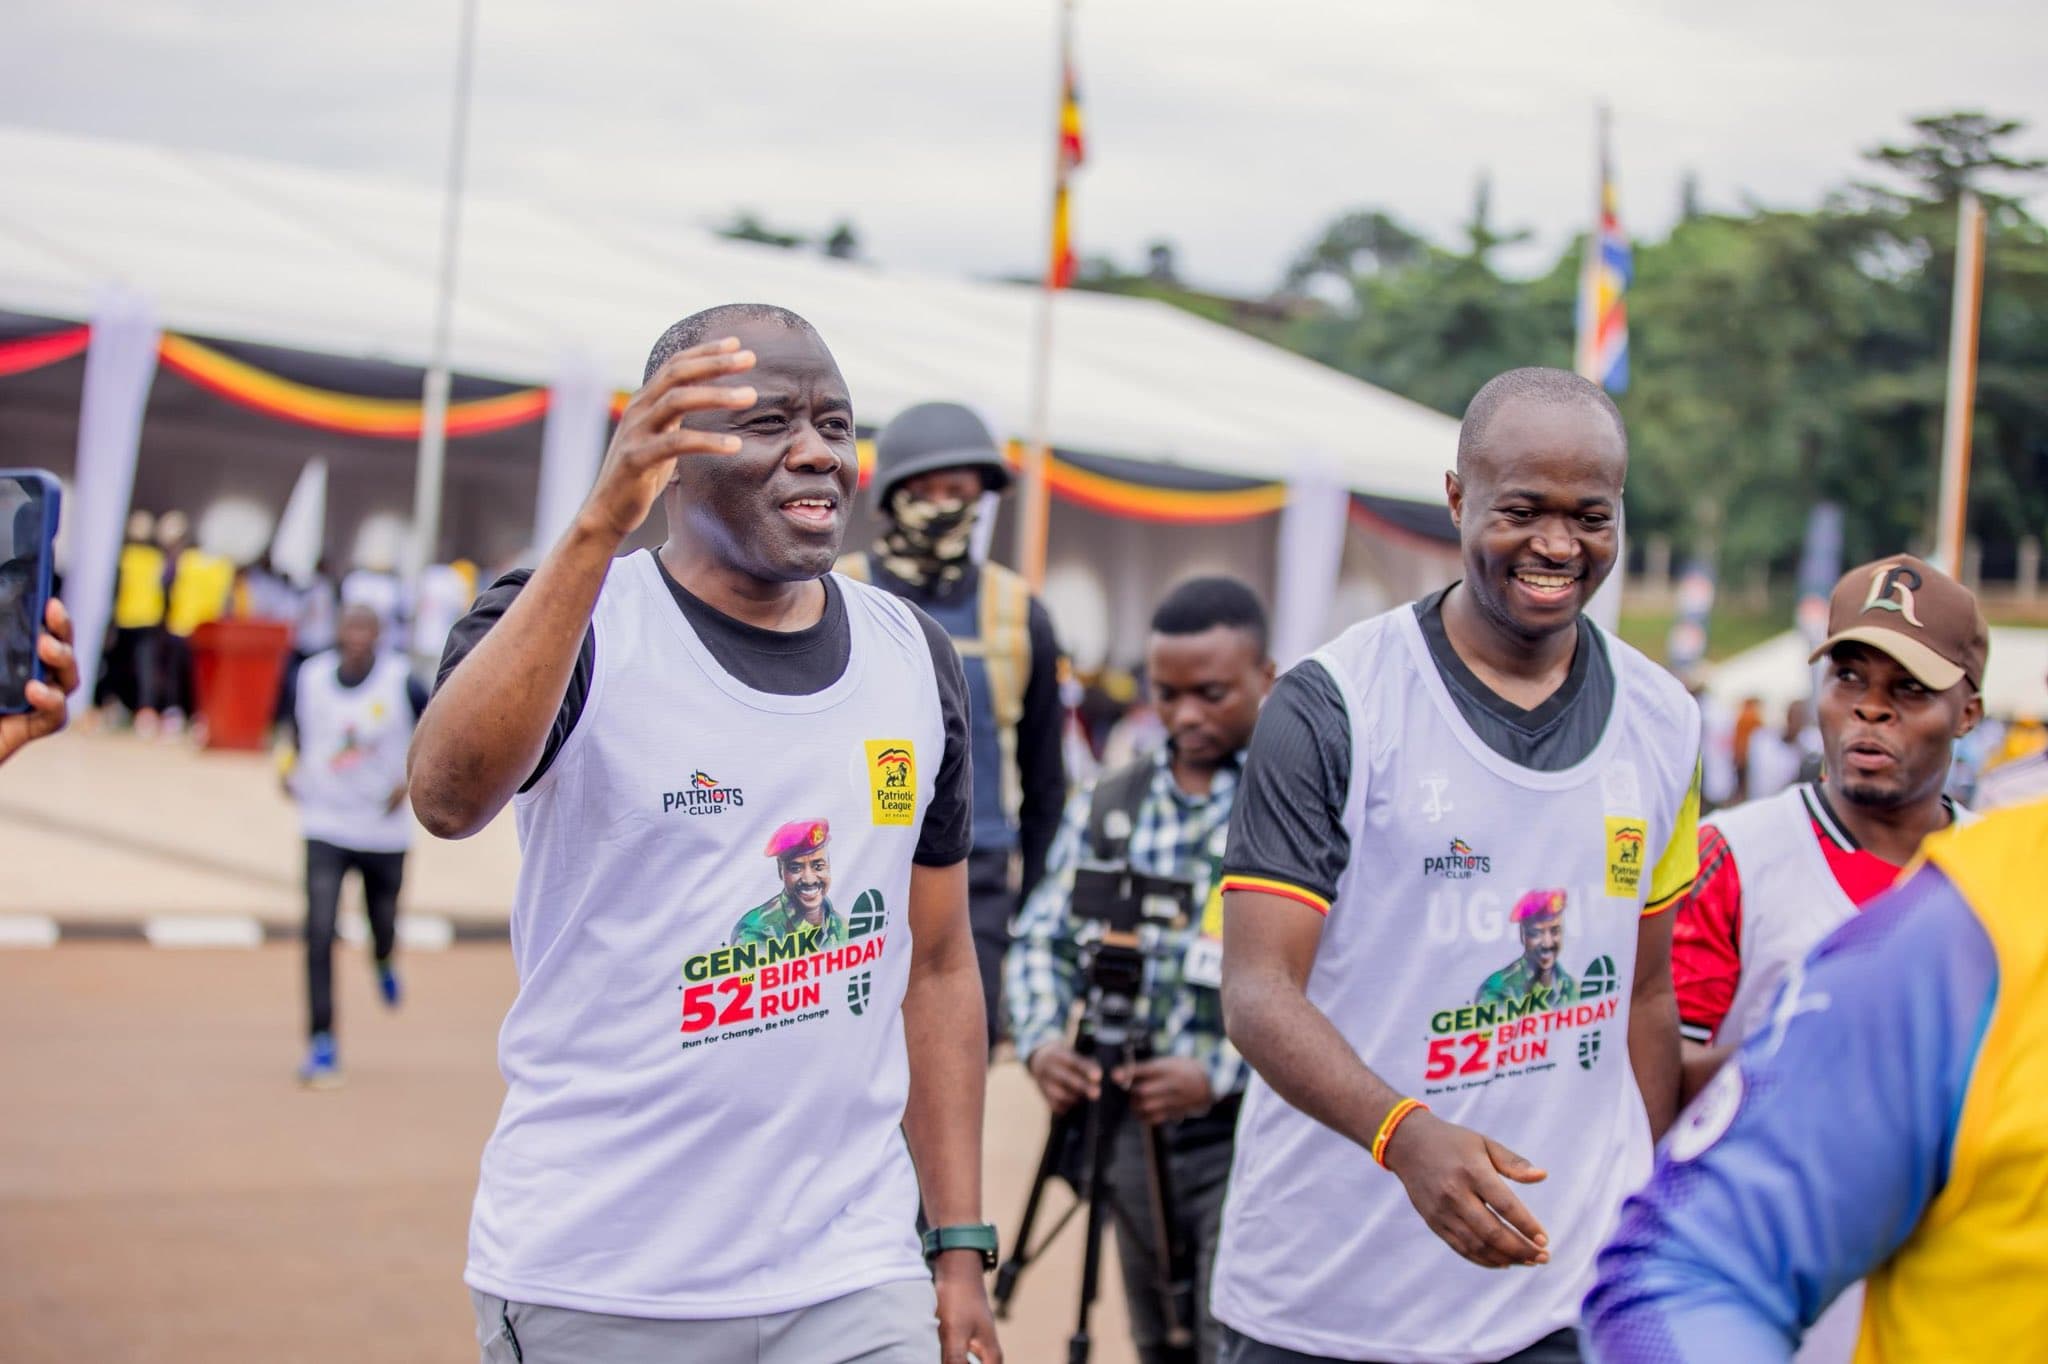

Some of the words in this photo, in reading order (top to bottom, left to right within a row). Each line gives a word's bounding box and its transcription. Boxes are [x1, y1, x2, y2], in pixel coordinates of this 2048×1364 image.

[663, 788, 744, 813] PATRIOTS
[688, 805, 722, 816] CLUB
[877, 789, 914, 802] Patriotic
[881, 799, 912, 812] League
[1424, 855, 1491, 876] PATRIOTS
[683, 926, 823, 982] GEN.MK
[760, 934, 889, 991] BIRTHDAY
[760, 982, 821, 1019] RUN
[1430, 988, 1550, 1034] GEN.MK
[682, 1039, 702, 1050] Run
[704, 1035, 720, 1045] for
[721, 1026, 763, 1041] Change,
[765, 1022, 778, 1031] Be
[780, 1018, 795, 1027] the
[797, 1009, 830, 1023] Change
[1497, 997, 1620, 1046] BIRTHDAY
[1496, 1038, 1549, 1068] RUN
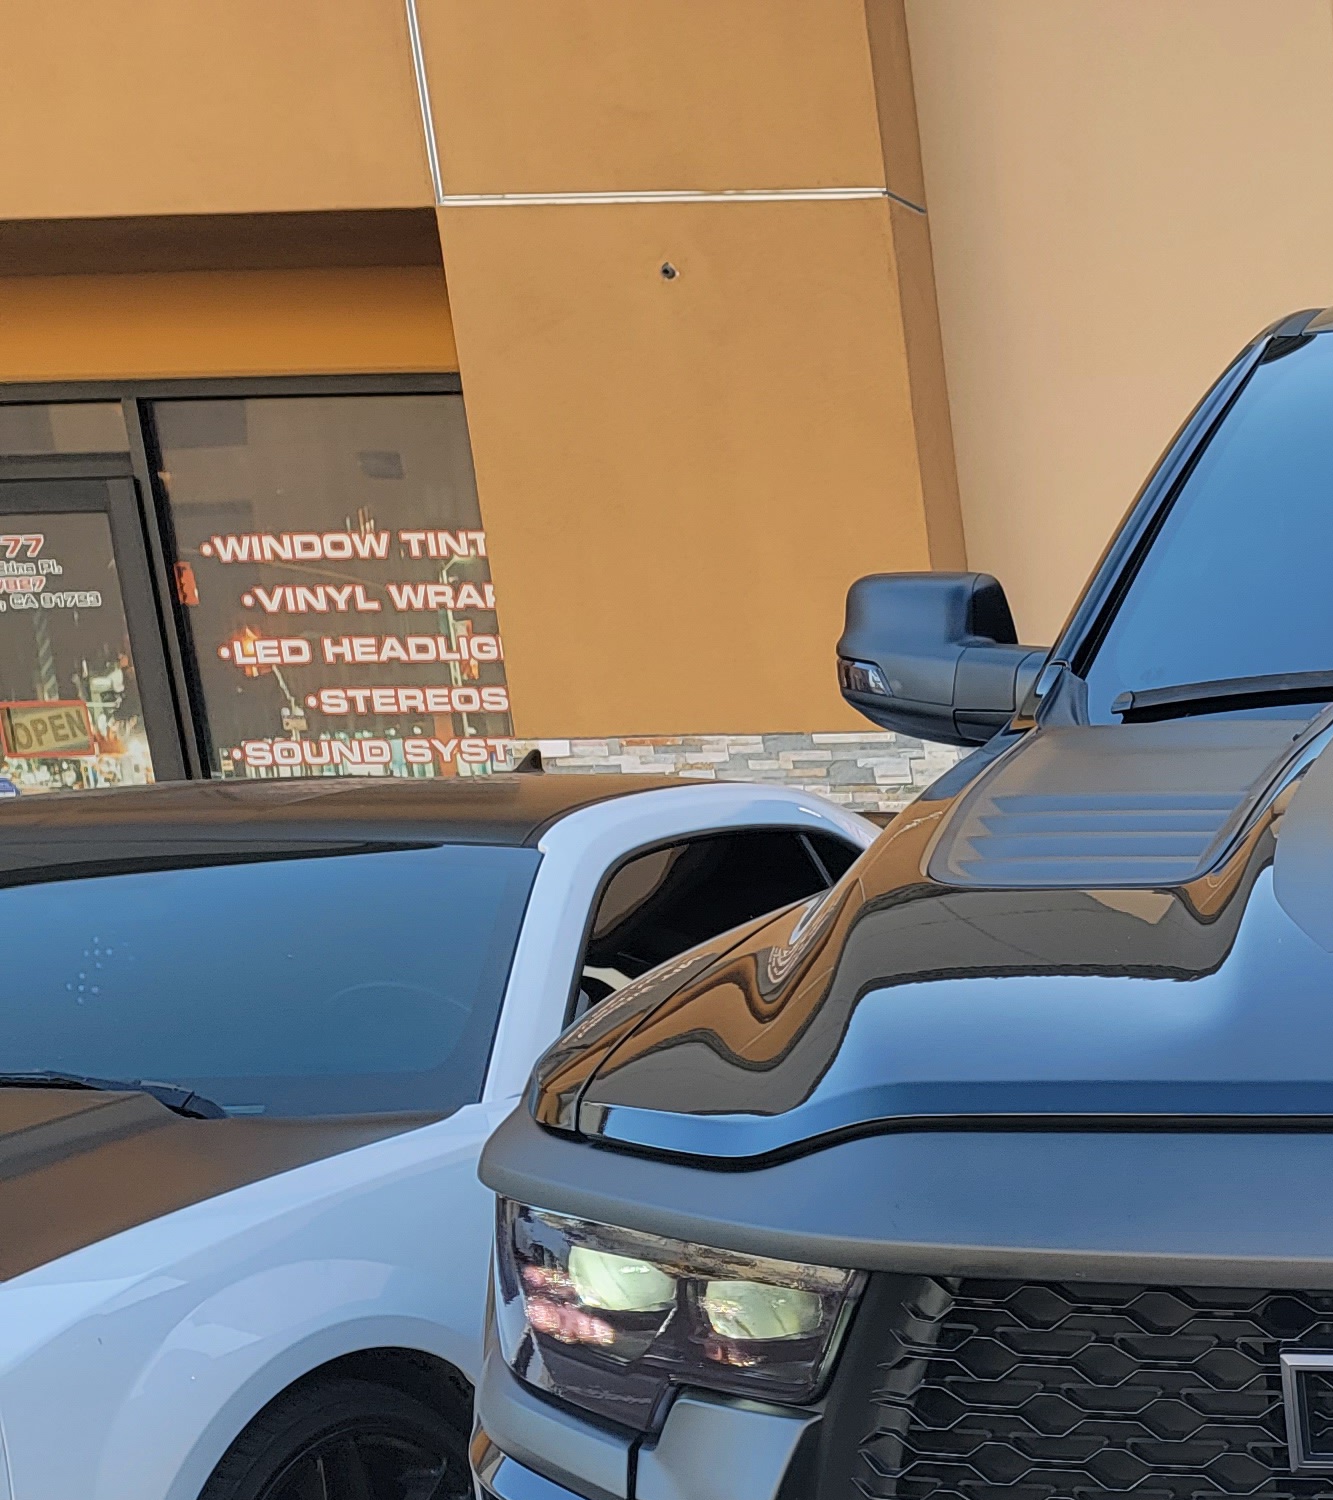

* **EXERCISE OBJECTIVE**
The listing is to be repeated exactly, with its pictures removed.

* **RESPONSE FOR THIS EXERCISE**
Some of the words in this photo, in reading order (top to bottom, left to right within a row). Each line gives a word's bounding box and its transcription. Boxes are [x1, y1, x2, y2], in pixel coordinates of this 2048×1364 image.

[663, 788, 744, 813] PATRIOTS
[688, 805, 722, 816] CLUB
[877, 789, 914, 802] Patriotic
[881, 799, 912, 812] League
[1424, 855, 1491, 876] PATRIOTS
[683, 926, 823, 982] GEN.MK
[760, 934, 889, 991] BIRTHDAY
[760, 982, 821, 1019] RUN
[1430, 988, 1550, 1034] GEN.MK
[682, 1039, 702, 1050] Run
[704, 1035, 720, 1045] for
[721, 1026, 763, 1041] Change,
[765, 1022, 778, 1031] Be
[780, 1018, 795, 1027] the
[797, 1009, 830, 1023] Change
[1497, 997, 1620, 1046] BIRTHDAY
[1496, 1038, 1549, 1068] RUN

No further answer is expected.